Task requirements: Print the entries verbatim, leaving out the images they contain.

Available data:
= = = = = = =
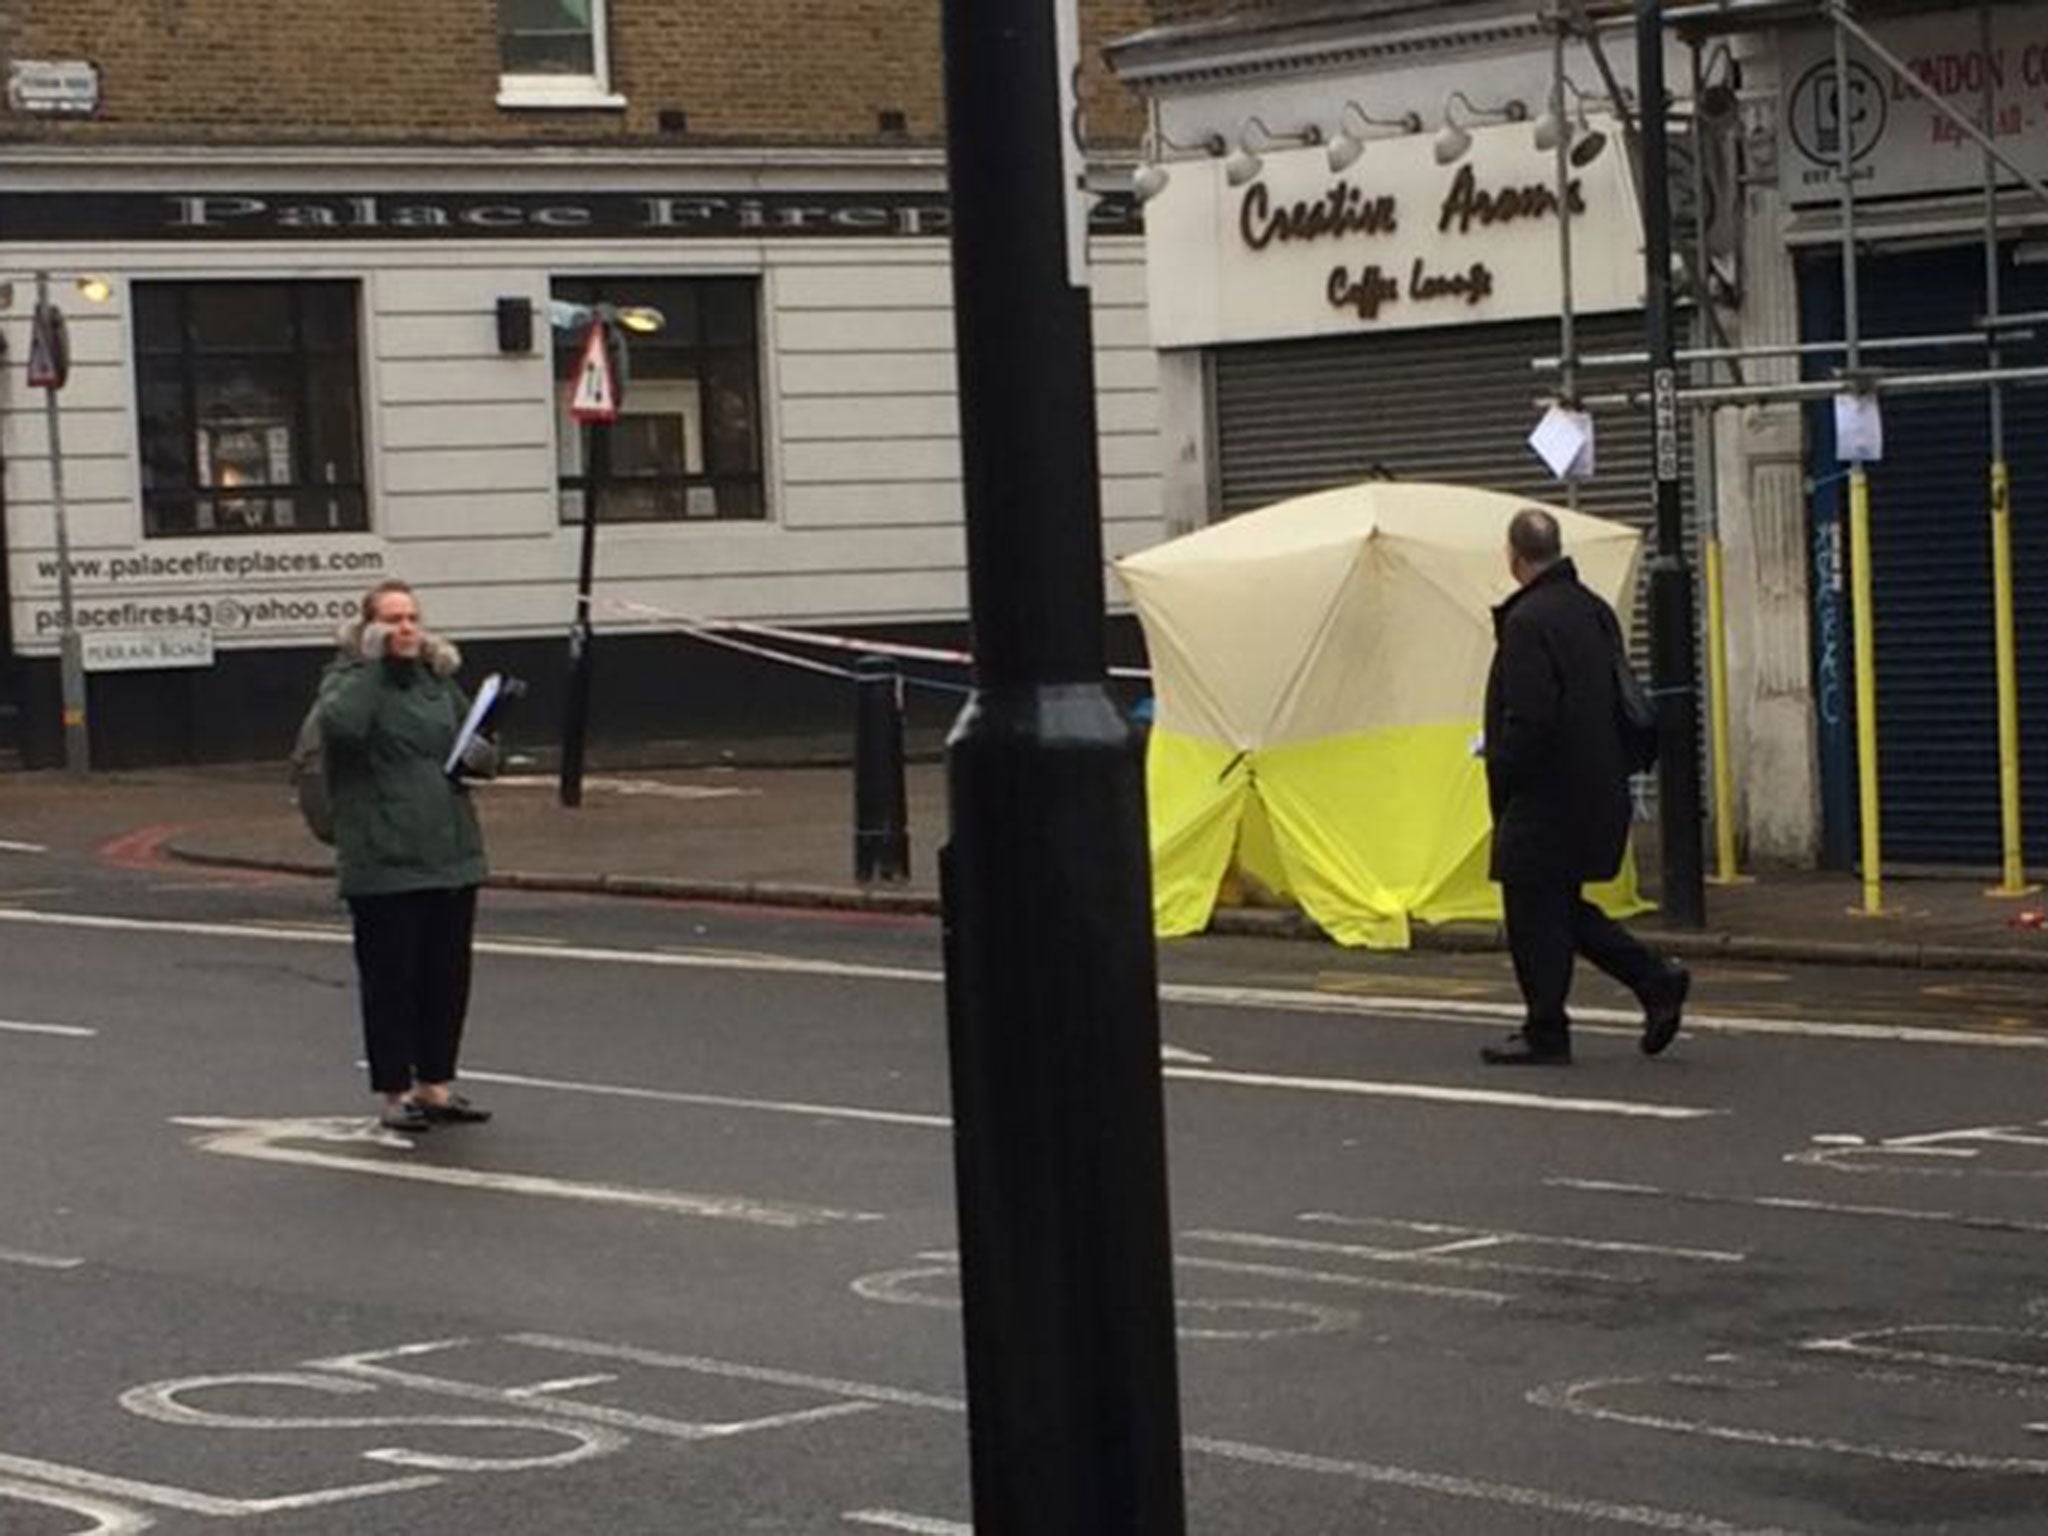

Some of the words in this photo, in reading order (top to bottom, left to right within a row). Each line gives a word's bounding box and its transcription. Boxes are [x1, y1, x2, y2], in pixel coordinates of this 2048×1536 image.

[167, 196, 592, 228] Palace
[643, 198, 952, 233] Firep
[1240, 181, 1398, 250] Creative
[35, 598, 360, 635] paacefires43@yahoo.co
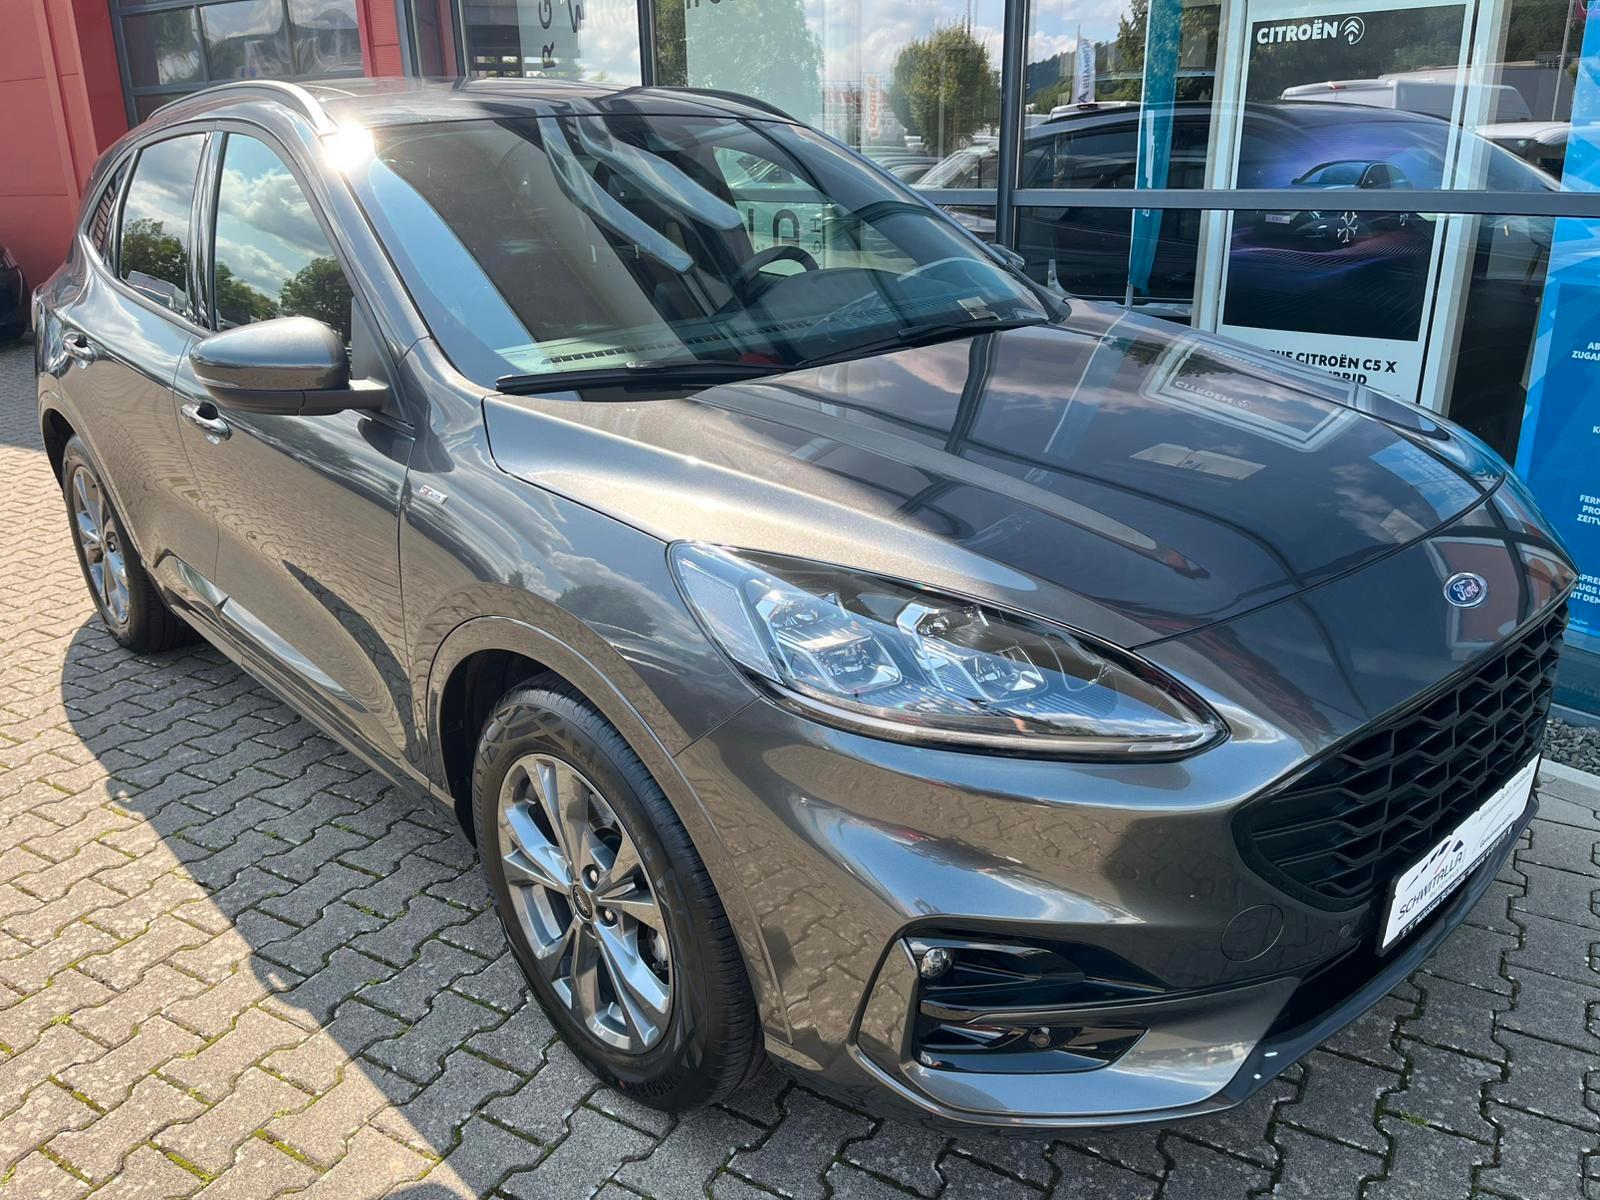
= = = = = = =
Task answer:
Some of the words in this photo, in reading order (top to bottom, left to right within a row). Each line gives a word's bounding box and its transcription. Boxes are [x1, y1, x2, y2], in pixel coordinates of this 2048×1536 image.

[167, 196, 592, 228] Palace
[643, 198, 952, 233] Firep
[1240, 181, 1398, 250] Creative
[35, 598, 360, 635] paacefires43@yahoo.co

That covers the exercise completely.